Which Comes First? A Healthy Gut or Weight Loss?

The importance of gut health is gaining mainstream attention, and for good reason. Your gut and the microbiota that lives there need to exist in a stable equilibrium to keep you healthy. Imbalanced gut microbiomes have been linked to a whole host of diseases.

Although, with the attention on the importance of gut health, there have been cases of misguided extrapolation, which for the most part are probably done with good intentions.

However, I want to bring this to your attention.

One such incident is the excitement over Firmicutes bacteria and its association with obesity. Researchers found people with lower levels of Firmicutes bacteria and higher levels of Bacteroidetes were significantly less likely to be overweight or obese.

This has led to the belief that gut microbiota manipulation could instigate weight loss of an individual, suggesting losing weight could be as simple as reducing your Firmicutes levels. This is an alluring idea; however, it preys on the insecurities of individuals and subjects them to unnecessary and expensive testing. In reality, the science suggests simple lifestyle changes are all that’s necessary for most people.

Study shows how an active lifestyle improves gut microbiota

A recent study examined the differences in gut microbiota profile between women with active lifestyles and women with sedentary lifestyles.

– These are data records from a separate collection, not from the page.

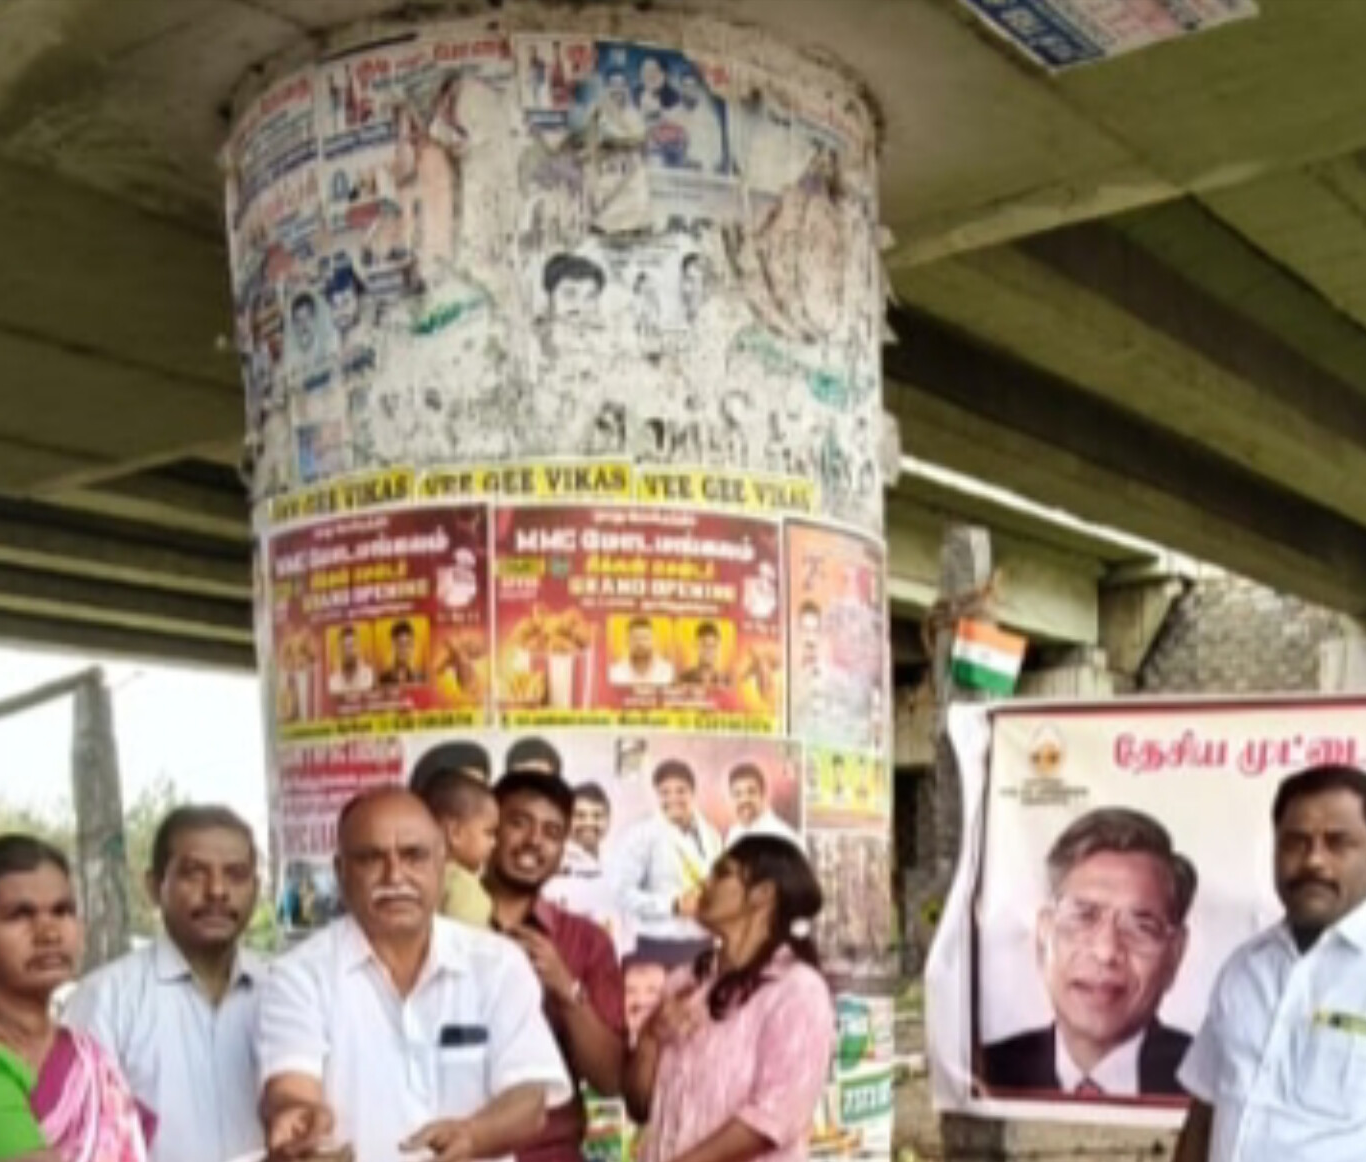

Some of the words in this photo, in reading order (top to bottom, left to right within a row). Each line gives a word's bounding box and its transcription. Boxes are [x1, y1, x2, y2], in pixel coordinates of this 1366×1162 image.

[421, 472, 474, 496] VEE
[482, 469, 534, 493] GEE
[545, 465, 627, 492] VIKAS
[641, 473, 693, 498] VEE
[700, 475, 745, 502] GEE
[568, 576, 647, 597] GRAND
[651, 578, 738, 601] OPENING
[1113, 729, 1229, 776] தேசிய

What this study found was an active lifestyle modified and improved the composition of the gut microbiota. Furthermore, body fat percentage and muscle mass also significantly correlated with beneficial bacteria populations.

The conclusion of this study points out:

“We provide the first demonstration of interdependence between some bacterial genera and sedentary behavior parameters, and show that not only does the dose and type of exercise influence the composition of microbiota, but also the breaking of sedentary behavior.”

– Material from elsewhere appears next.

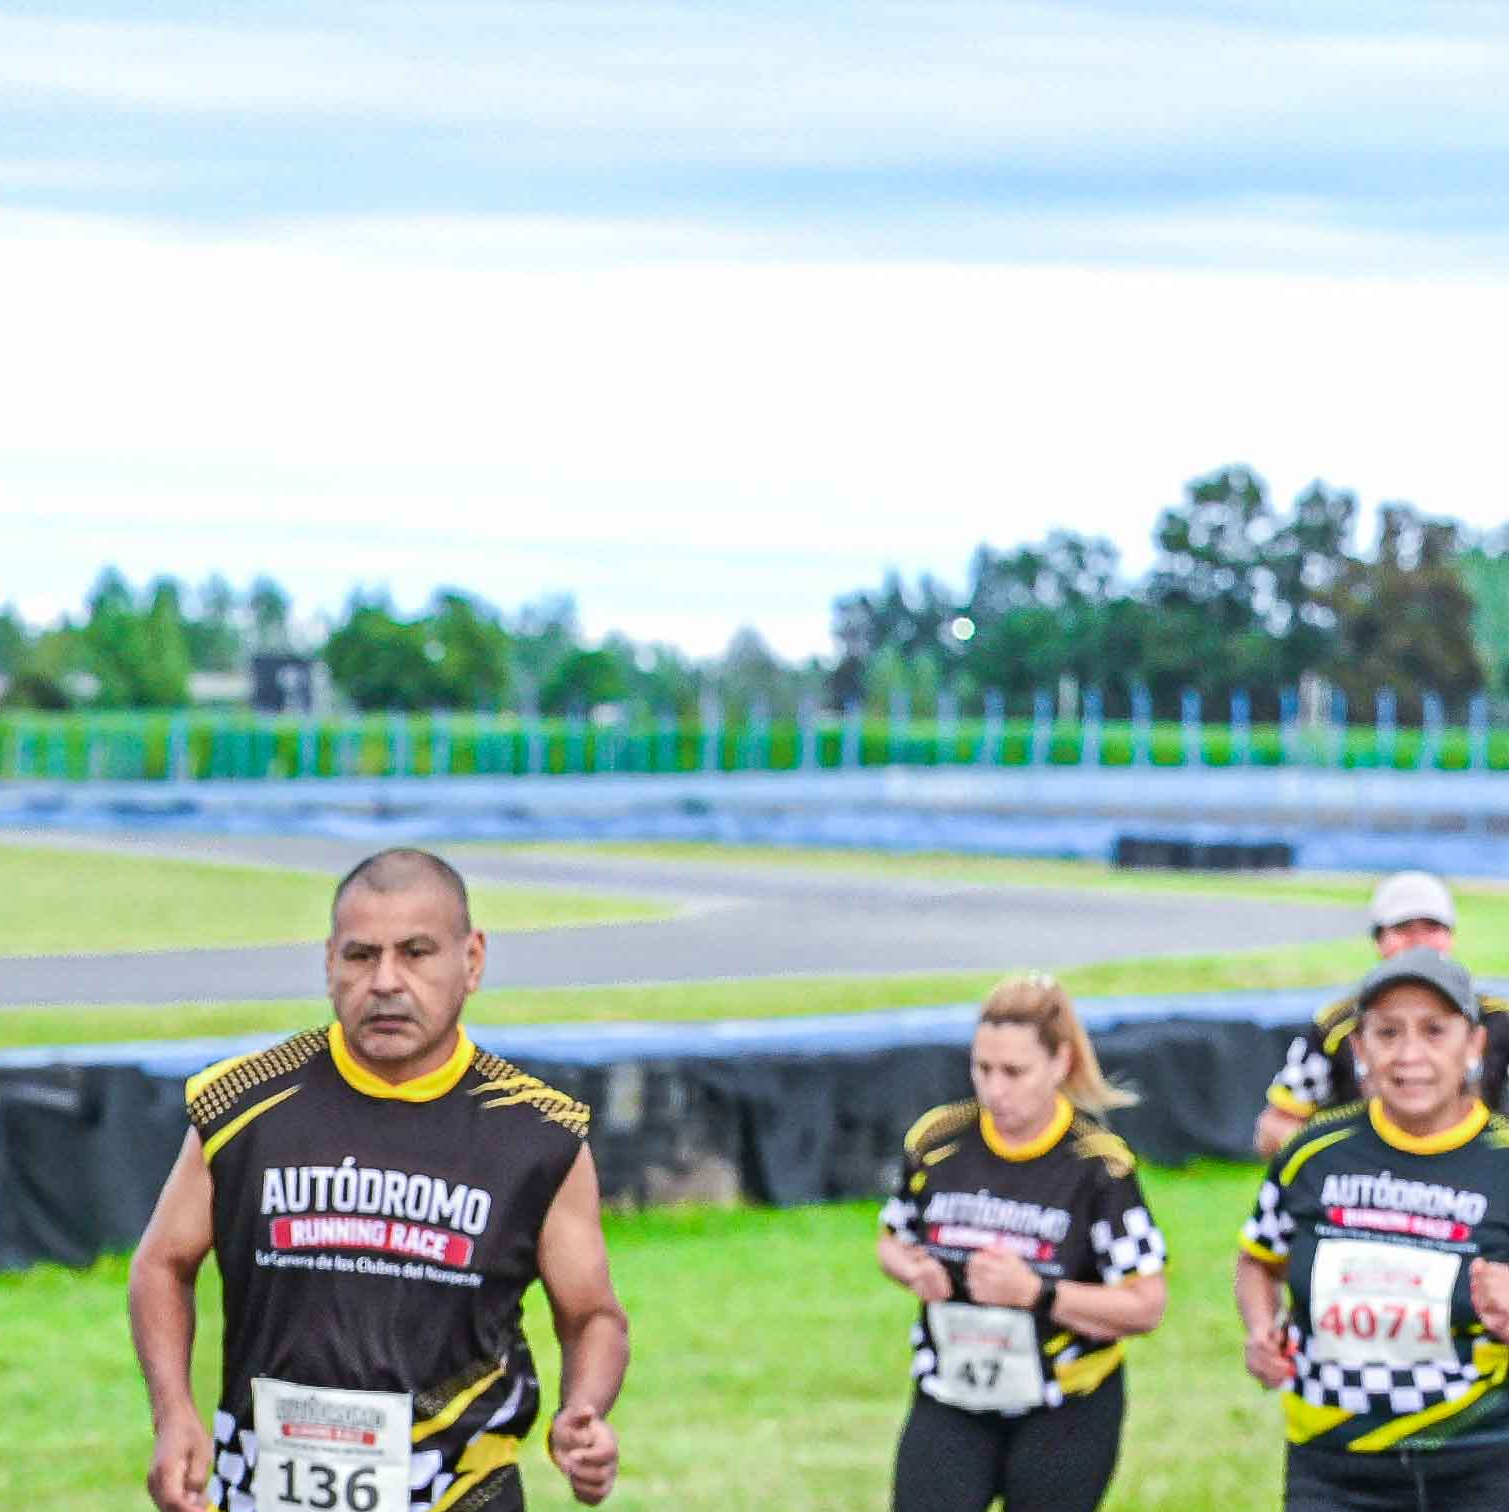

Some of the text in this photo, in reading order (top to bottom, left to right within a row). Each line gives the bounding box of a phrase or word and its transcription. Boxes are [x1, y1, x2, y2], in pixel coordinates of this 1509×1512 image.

This study suggests that an active lifestyle appears to manipulate the gut bacteria in a beneficial way, as opposed to manipulating your gut bacteria to promote weight loss.

Interventions to improve the health of your gut can help with weight loss and optimization of the body, however I want to caution against using gut health manipulation as a quick fix or your only solution.

The key to good gut health is just the right amount of exercise

You see, exercise has a slight immunosuppressive effect, which can be a good thing because we need to prevent our immune system from being overzealous. When the immune system runs rampant, it can cause increased allergic reactions, inflammation, asthma, or worse autoimmune disease.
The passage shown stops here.